Professional development is an important aspect of the psychology profession. Psychologists from abroad who are interested in psychology jobs in New Zealand may be curious about the types of development opportunities available in 2014.
In late February the Institute of Health Psychology hostsed in Auckland A breath taking event: Assessment and management of people with Breathing Pattern Disorders, a workshop to improve understanding regarding the mechanics of breathing and disordered breathing, and give practical suggestions regarding its assessment and treatment. In March the New Zealand Psychological Society and the Institute of Clinical Psychology is hosting Working with couples: A practical grounding, a one day workshop aimed to increase the practitioners’ confidence in working with couples. Also in March the Waikato Branch of the NZ Psychological Society organize a one day workshop about The Psychologists’ Code of Ethics. In April the Industrial Organisational Special Interest Group will host on the east coast of Coromandel the program Building Mindfulness: Letting go of everyday busyness, and taking time to explore its potential for you, a chance to explore the application of mindfulness in your life and work.

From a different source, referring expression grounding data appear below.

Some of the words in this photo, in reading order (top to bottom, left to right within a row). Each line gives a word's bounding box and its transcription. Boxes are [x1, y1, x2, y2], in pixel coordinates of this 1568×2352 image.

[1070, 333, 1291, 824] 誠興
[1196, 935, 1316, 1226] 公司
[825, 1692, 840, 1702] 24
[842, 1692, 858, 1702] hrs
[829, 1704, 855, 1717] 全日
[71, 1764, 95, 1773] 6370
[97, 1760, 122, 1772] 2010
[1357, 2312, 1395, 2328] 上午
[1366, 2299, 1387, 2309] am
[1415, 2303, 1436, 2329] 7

The New Zealand Psychological Society Annual Conference 2014 will be held in Nelson from August 29th until September 1st. The theme of this year’s conference is Psychology in a Changing World recognizing that psychology needs not only to adapt to change but to anticipate change in the contexts in which we practise, teach and learn.

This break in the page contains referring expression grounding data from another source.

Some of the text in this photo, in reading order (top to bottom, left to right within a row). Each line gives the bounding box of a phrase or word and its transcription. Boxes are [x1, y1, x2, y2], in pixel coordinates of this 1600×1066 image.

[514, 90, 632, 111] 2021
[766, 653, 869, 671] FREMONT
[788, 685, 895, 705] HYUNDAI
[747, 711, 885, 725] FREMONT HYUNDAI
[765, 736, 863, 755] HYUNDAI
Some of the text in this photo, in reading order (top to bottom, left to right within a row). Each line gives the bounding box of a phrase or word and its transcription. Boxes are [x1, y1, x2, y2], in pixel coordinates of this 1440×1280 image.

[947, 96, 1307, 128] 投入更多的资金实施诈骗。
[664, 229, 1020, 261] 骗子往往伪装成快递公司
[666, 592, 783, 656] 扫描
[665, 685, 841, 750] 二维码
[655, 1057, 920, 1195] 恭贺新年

Presenters at the conference include:
Dr. Harlene Anderson (USA) is an international leader in the development of postmodern collaborative-dialogic practices, and applies her approach to therapy, organization development, education, research, coaching and consultation.
Neville Blampied (NZ) is Professor of Psychology at Canterbury University. Neville received the New Zealand Psychological Society Adcock Award which recognizes valuable and significant contributions to psychology in areas including philosophy of science and psychological theory.

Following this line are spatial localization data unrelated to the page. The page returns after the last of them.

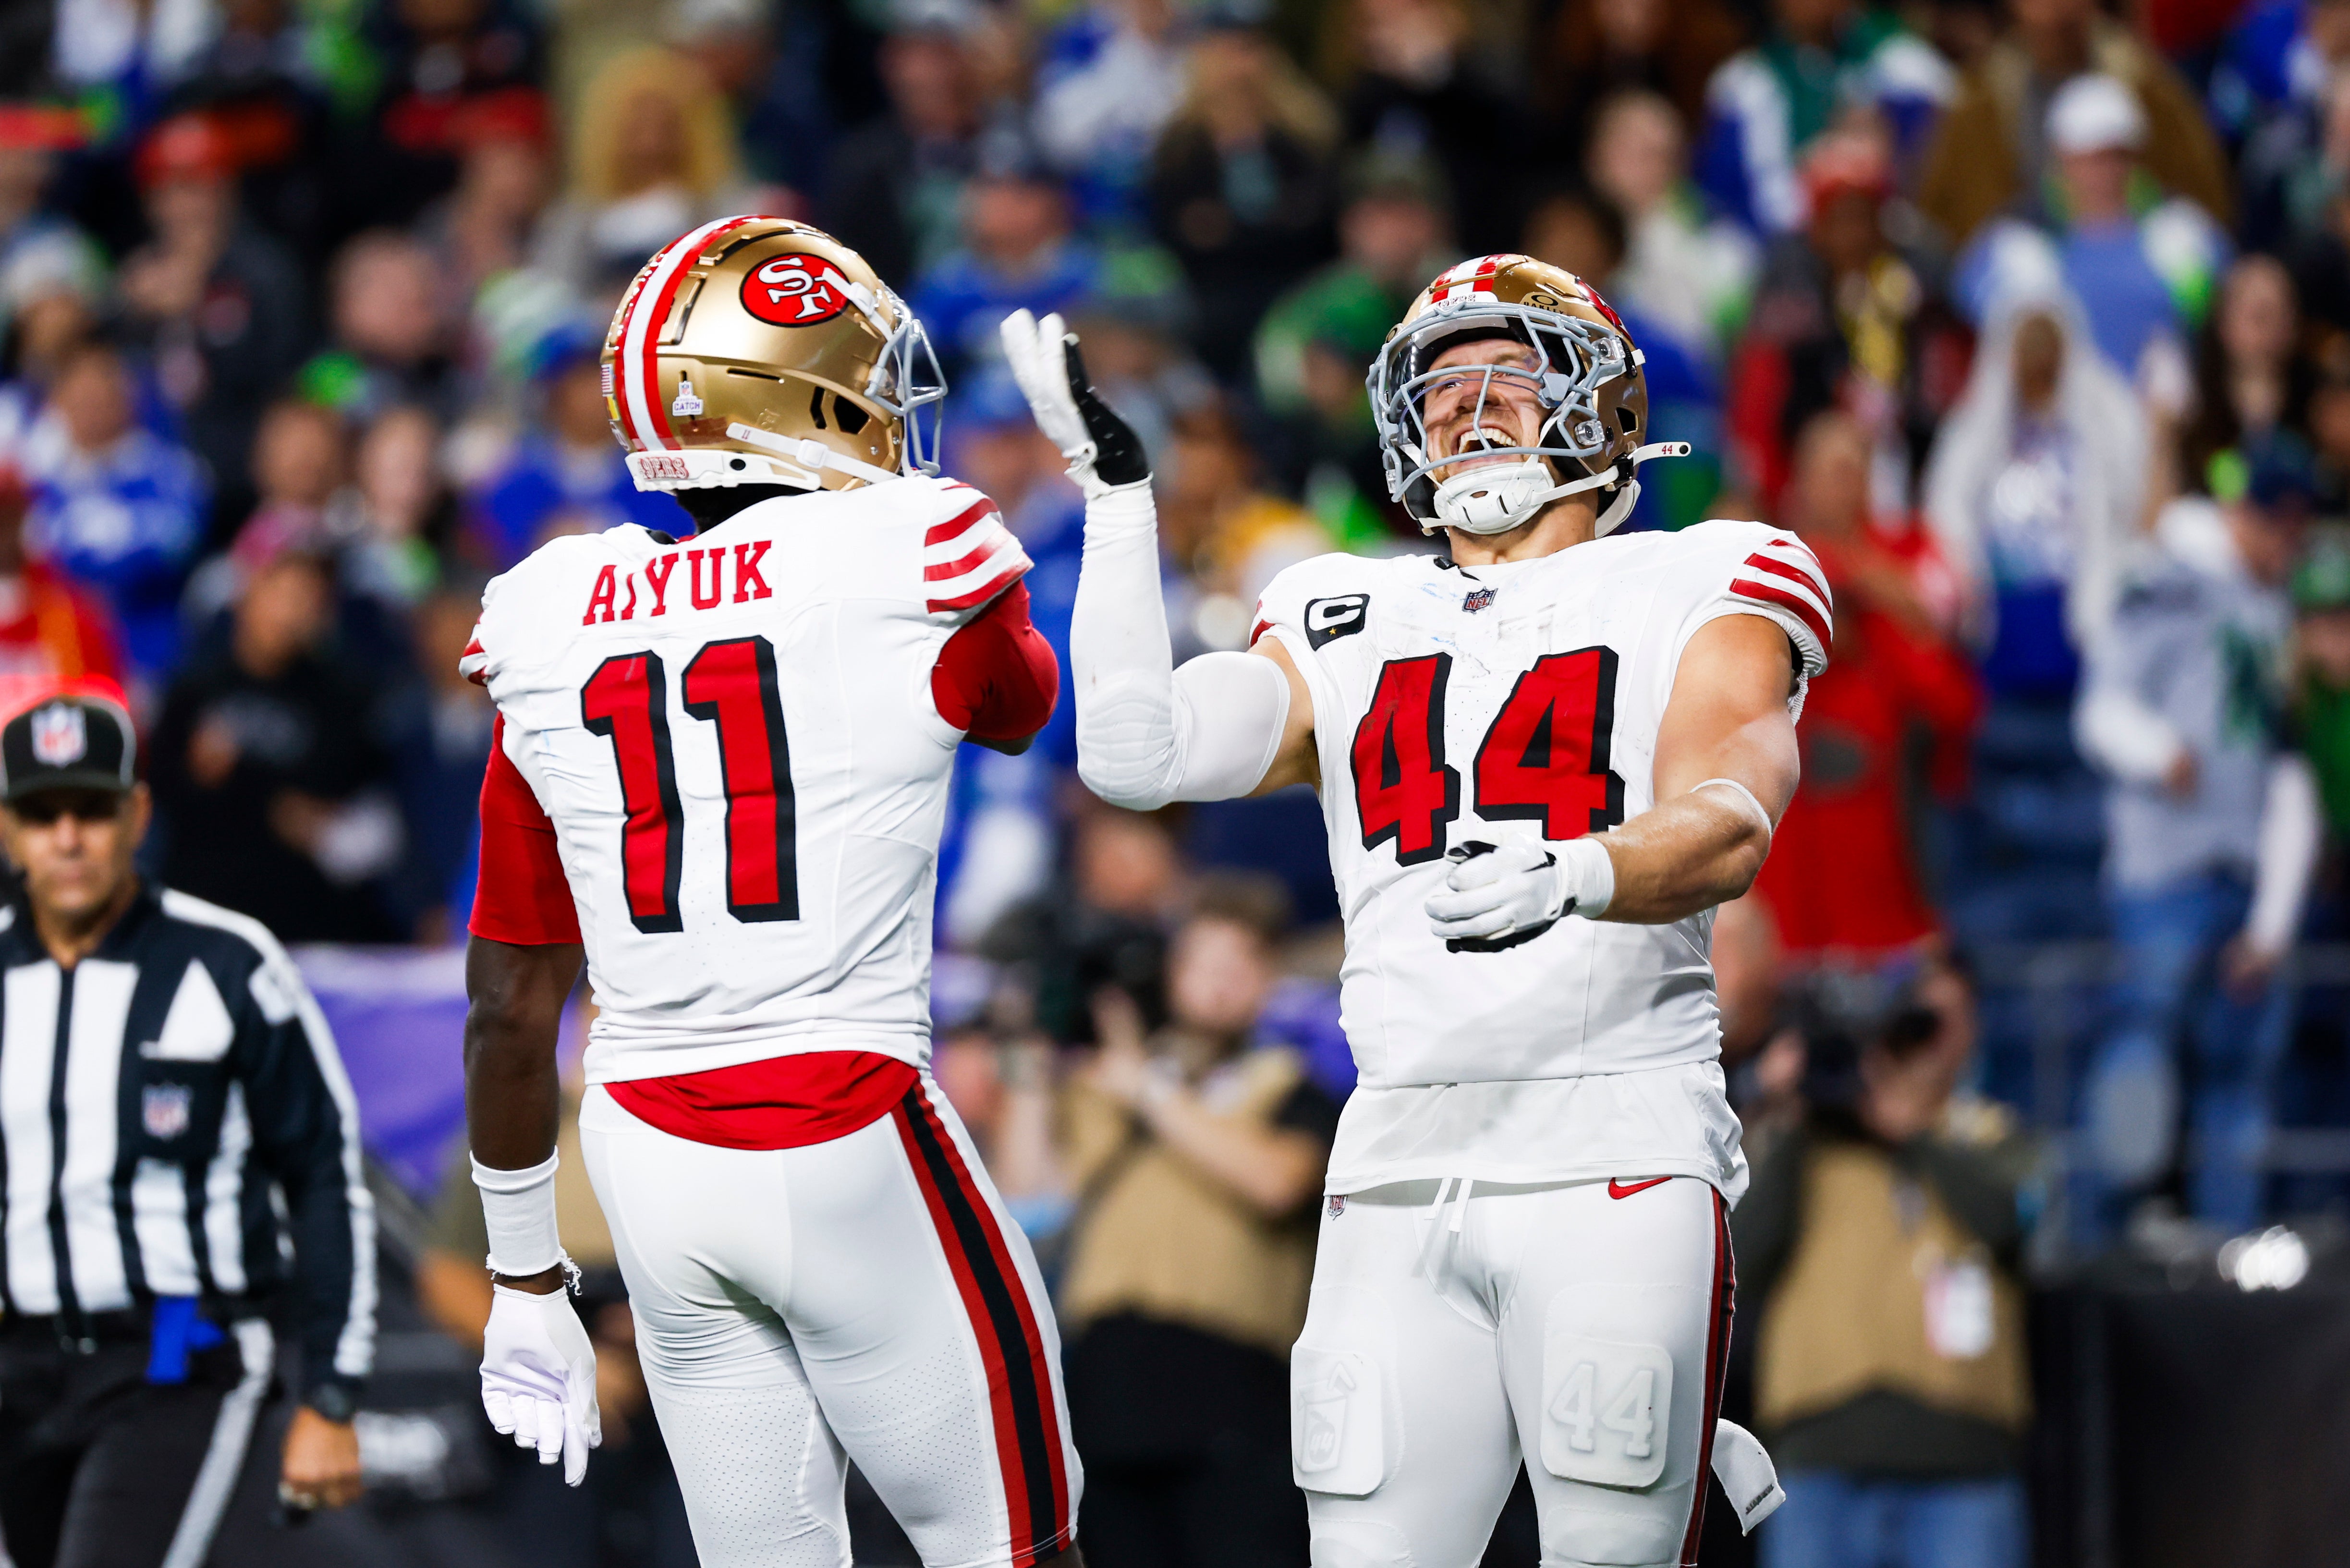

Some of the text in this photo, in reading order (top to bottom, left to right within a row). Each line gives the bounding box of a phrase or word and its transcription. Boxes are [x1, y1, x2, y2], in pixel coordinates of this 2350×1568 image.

[674, 401, 700, 411] CATCH
[1661, 444, 1673, 455] 44
[583, 540, 772, 626] AIYUK
[1308, 596, 1364, 632] C
[580, 634, 800, 934] 11
[1350, 644, 1626, 867] 44
[1547, 1363, 1654, 1457] 44

Ainsleigh Cribb-Su’a (NZ) is a manager/clinical psychologist at Counties Manukau and lecturer in the Counselling Psychology Post Graduate Programme at AUT University. The main focus of Ainsleigh’s clinical work is with Māori young people and whānau. She hopes to extend her research area of clinical neuropsychology in to her work with children and youth.
Professor Michael Daffern (AU) is a clinical and forensic psychologist. He has worked in prisons and forensic mental health settings for more than 20 years. Presently, he is Professor in Clinical Forensic Psychology with the Centre for Forensic Behavioural Science and Legal Studies at Swinburne University of Technology. He is also Principal Consultant Psychologist with the Victorian Institute of Forensic Mental Health (Forensicare).
Andrew Munro (UK) (MA Hons, C Psychol) is a business psychologist with over 25 years international experience of consulting across the corporate and public sectors. He also advises other consultancies in the design and implementation of applications in personal, team and organisational effectiveness.
Dr Joseph Trimble (USA), Distinguished University Professor, Professor of Psychology and Professor in the Woodring College of Education and Research Associate in the Center for Cross-Cultural Research has published widely on indigenous and cross-cultural psychology issues.
As part of the Conference, a 3 day exhibition will also be held.